Medical digital billing startup Cedar is snapping up rival OODA Health in a $450 million deal.
- Cedar partners with health systems to provide patients with tech like personalized patient billing and digital registration forms.
- OODA Health focuses on improving the payments experience for over 20 large payers and provider organizations like BCBS Massachusetts and CommonSpirit Health.
A unified payer-provider digital billing platform could clear up a lot of murkiness for patients throughout the medical payment lifecycle that perpetuates issues like missed or even surprise bills:
- Patients’ poor medical financial literacy often leads to unpaid or delayed care. Many US health consumers simply don’t understand what health insurance terms like “copay” and “deductible” mean for their responsibility around medical payments—this confusion leads patients to avoid care altogether: Over 26% of US residents say they’ve avoided getting treatment or visiting a doctor because they were unsure how much their insurance would cover. This is bad news for their long-term health, since chronic conditions (some of the costliest to care for) can go undetected or untreated without regular check ups.
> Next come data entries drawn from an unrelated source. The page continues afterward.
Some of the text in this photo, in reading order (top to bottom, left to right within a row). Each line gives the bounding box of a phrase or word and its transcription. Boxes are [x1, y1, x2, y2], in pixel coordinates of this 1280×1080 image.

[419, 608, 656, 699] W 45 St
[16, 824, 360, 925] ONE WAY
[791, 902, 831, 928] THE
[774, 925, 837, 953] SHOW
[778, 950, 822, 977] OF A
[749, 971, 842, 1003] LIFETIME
- Cedar and OODA Health’s tech will streamline communication between providers and insurers to get patients a clearer understanding of their out-of-pocket costs. Physicians don’t always know how much their patients have to pay for care or meds until after the visit, since this is mostly left up to health insurers’ reimbursement and coverage rates. As a result, patients have to go back and forth communicating between their insurer and provider to ensure they won’t get any unexpected medical bills. It’s ultimately a poor consumer experience. Combining payer and provider digital billing could eliminate confusion around what patients owe: About 28% of consumers say they want their billing questions answered quicker.
Digital billing platforms won't just help patients—payers and providers could also leverage the tech to better comply with the CMS’ new price transparency regulations.
- The CMS will likely begin penalizing hospitals that fail to publicly share their payer-negotiated rates with consumers. The CMS recently said it’s started sending out letters warning hospitals of daily fines if they don’t comply with the mandates.
- Vendors like Cedar could help hospitals build online tools to share these rates and improve hospitals’ relationship with patients. OODA Health’s co-CEO and cofounder Seth Cohen indicated now that OODA is under Cedar’s roof, “Cedar is well positioned in the market as providers and payers come into compliance with federal price transparency regulations.” Some large health systems like Intermountain Health are already implementing digital billing platforms like VisitPay, reporting higher payments compliance and boosted patient satisfaction.